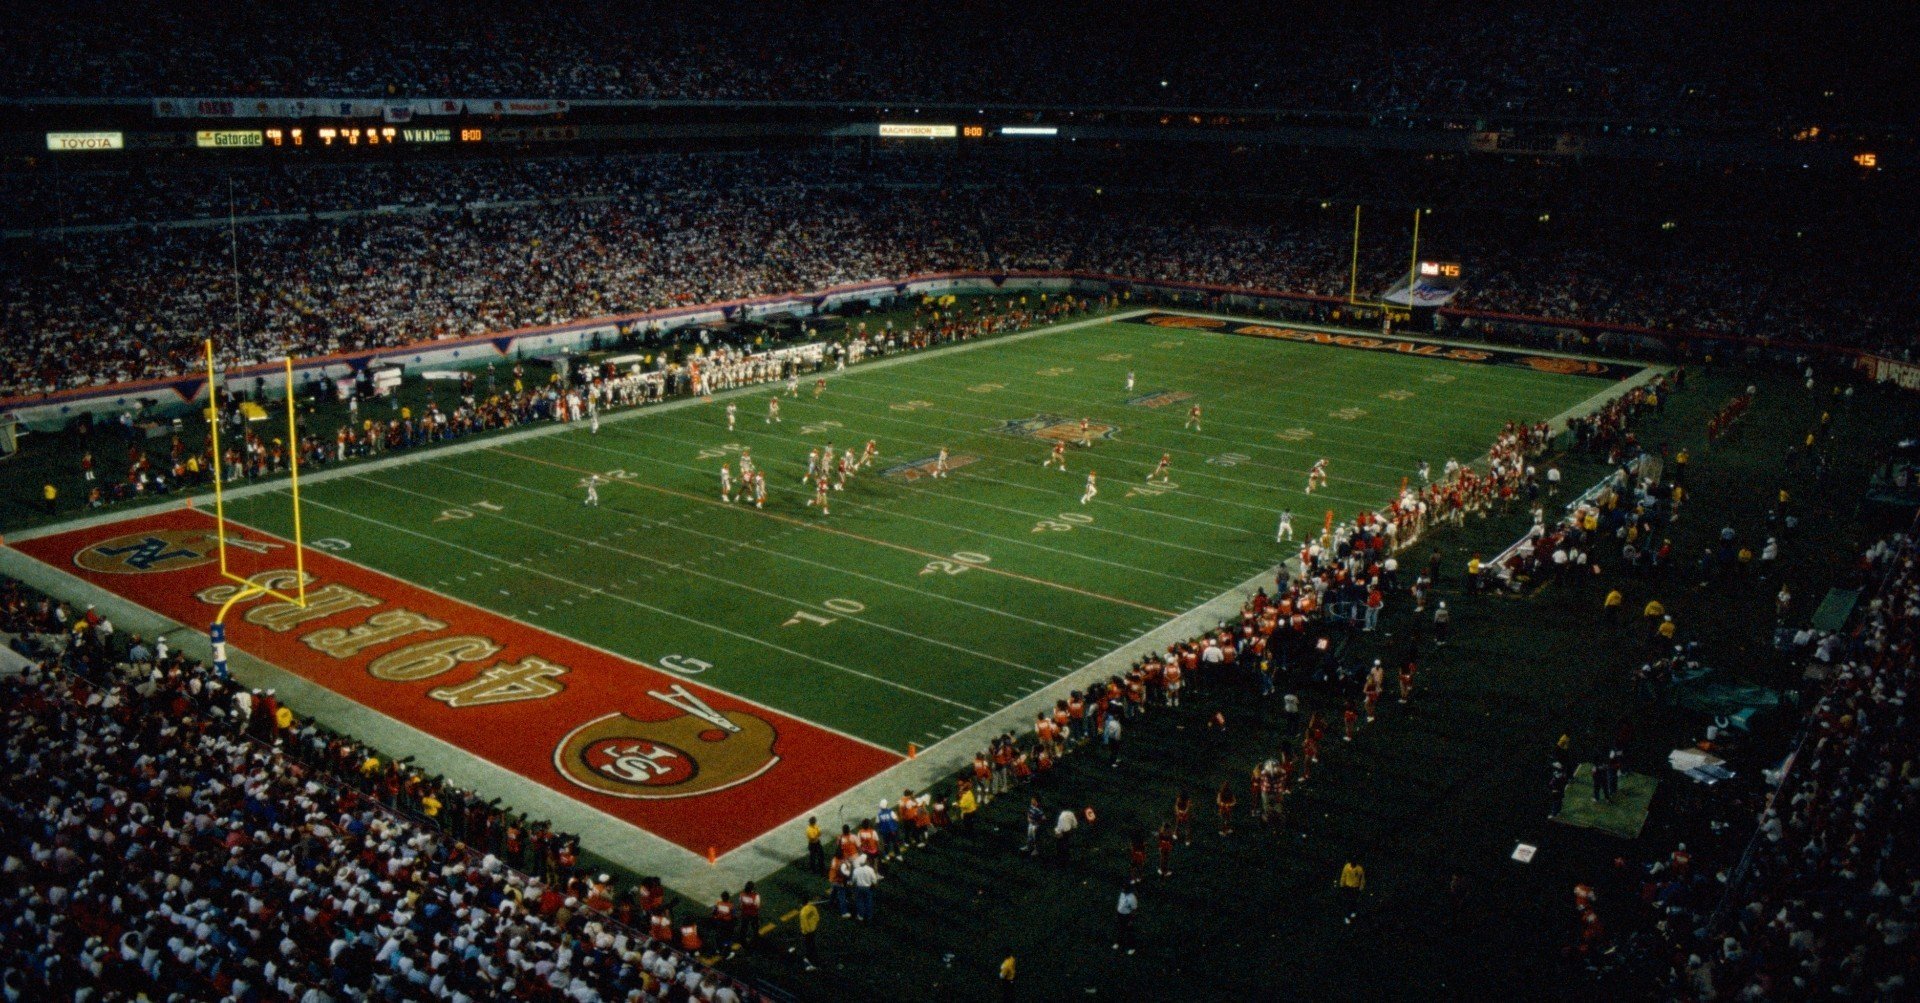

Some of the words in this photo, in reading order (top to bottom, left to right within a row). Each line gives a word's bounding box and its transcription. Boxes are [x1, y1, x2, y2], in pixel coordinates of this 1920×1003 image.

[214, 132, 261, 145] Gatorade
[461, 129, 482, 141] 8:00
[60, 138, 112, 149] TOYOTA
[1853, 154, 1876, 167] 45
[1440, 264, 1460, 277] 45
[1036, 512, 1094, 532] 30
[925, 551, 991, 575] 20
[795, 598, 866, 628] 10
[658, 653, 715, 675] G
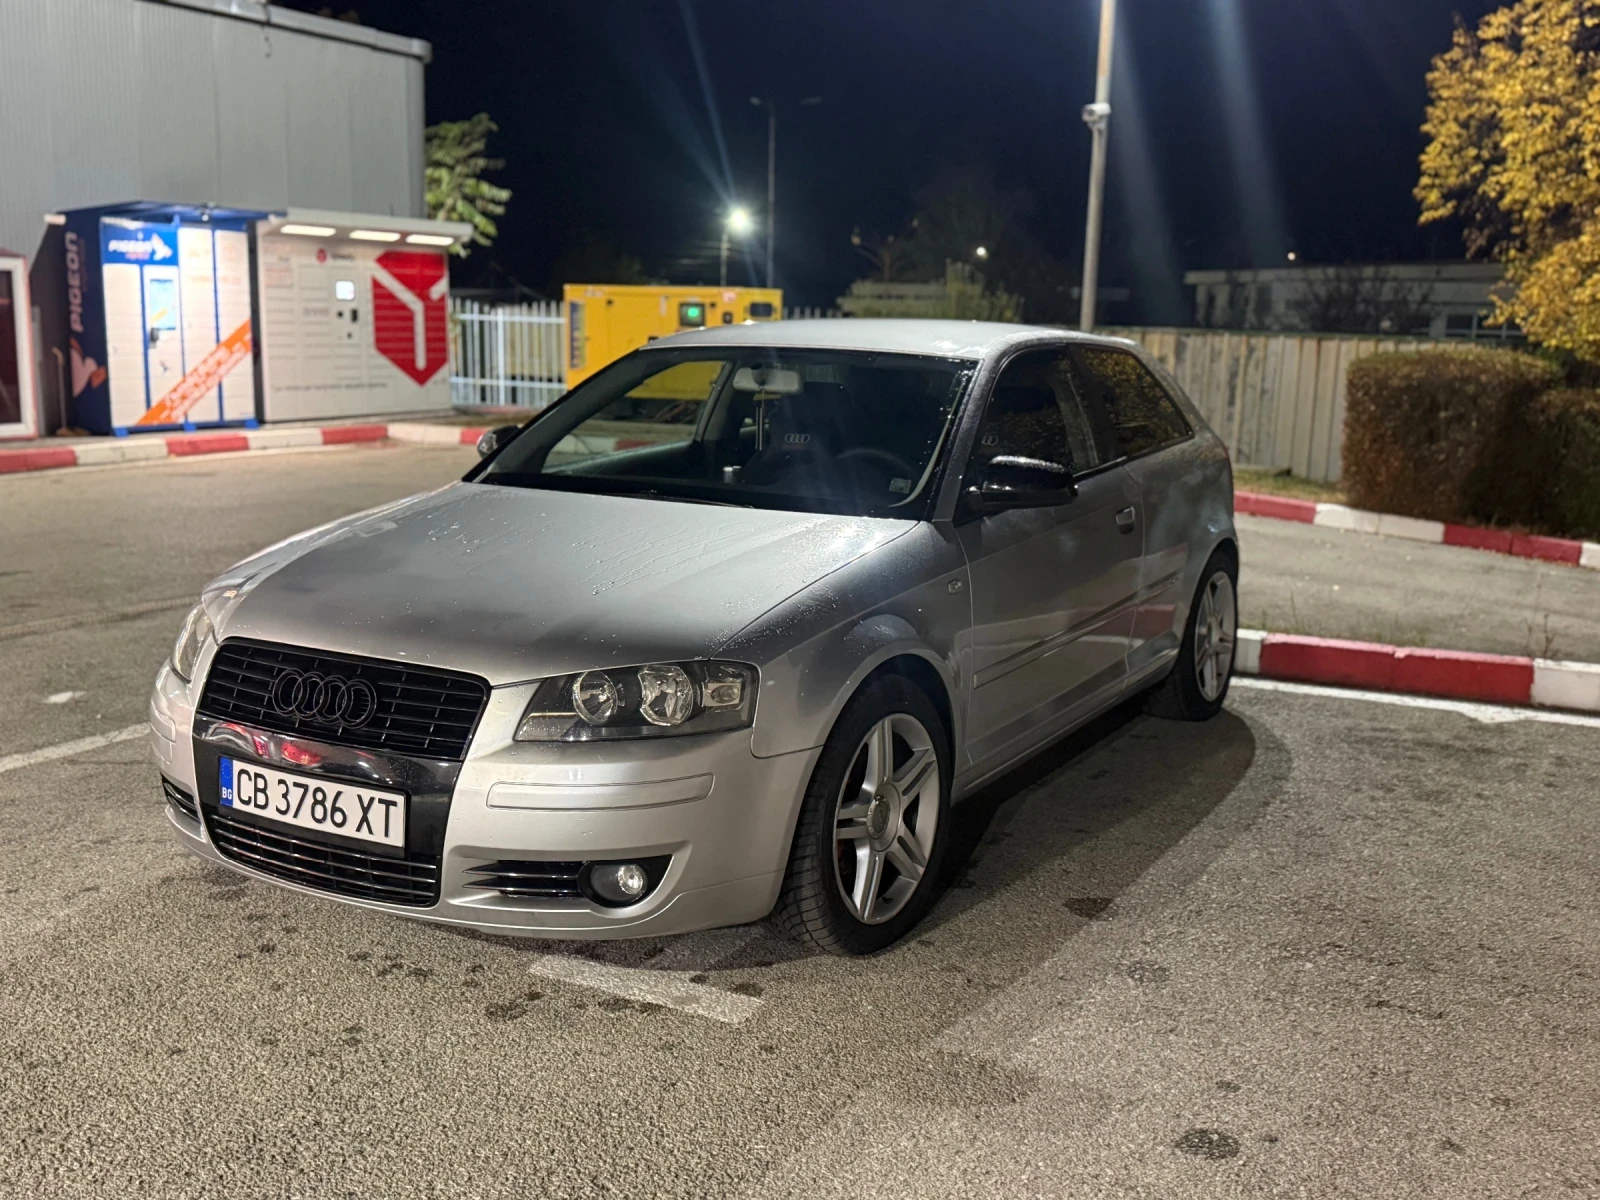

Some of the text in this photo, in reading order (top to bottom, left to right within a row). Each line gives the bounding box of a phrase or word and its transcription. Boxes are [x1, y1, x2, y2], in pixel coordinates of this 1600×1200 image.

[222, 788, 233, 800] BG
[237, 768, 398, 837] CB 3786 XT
---------------
* [AIM OF THE TASK]: Pictures are to be left out; everything else in the records gets retyped exactly.

* [EXERCISE SOLUTION]:
Some of the words in this photo, in reading order (top to bottom, left to right within a row). Each line gives a word's bounding box and its transcription. Boxes are [x1, y1, x2, y2], in pixel coordinates of this 1920×1003 image.

[214, 132, 261, 145] Gatorade
[461, 129, 482, 141] 8:00
[60, 138, 112, 149] TOYOTA
[1853, 154, 1876, 167] 45
[1440, 264, 1460, 277] 45
[1036, 512, 1094, 532] 30
[925, 551, 991, 575] 20
[795, 598, 866, 628] 10
[658, 653, 715, 675] G

Some of the text in this photo, in reading order (top to bottom, left to right within a row). Each line gives the bounding box of a phrase or word and its transcription. Boxes are [x1, y1, x2, y2], in pixel coordinates of this 1600×1200 image.

[222, 788, 233, 800] BG
[237, 768, 398, 837] CB 3786 XT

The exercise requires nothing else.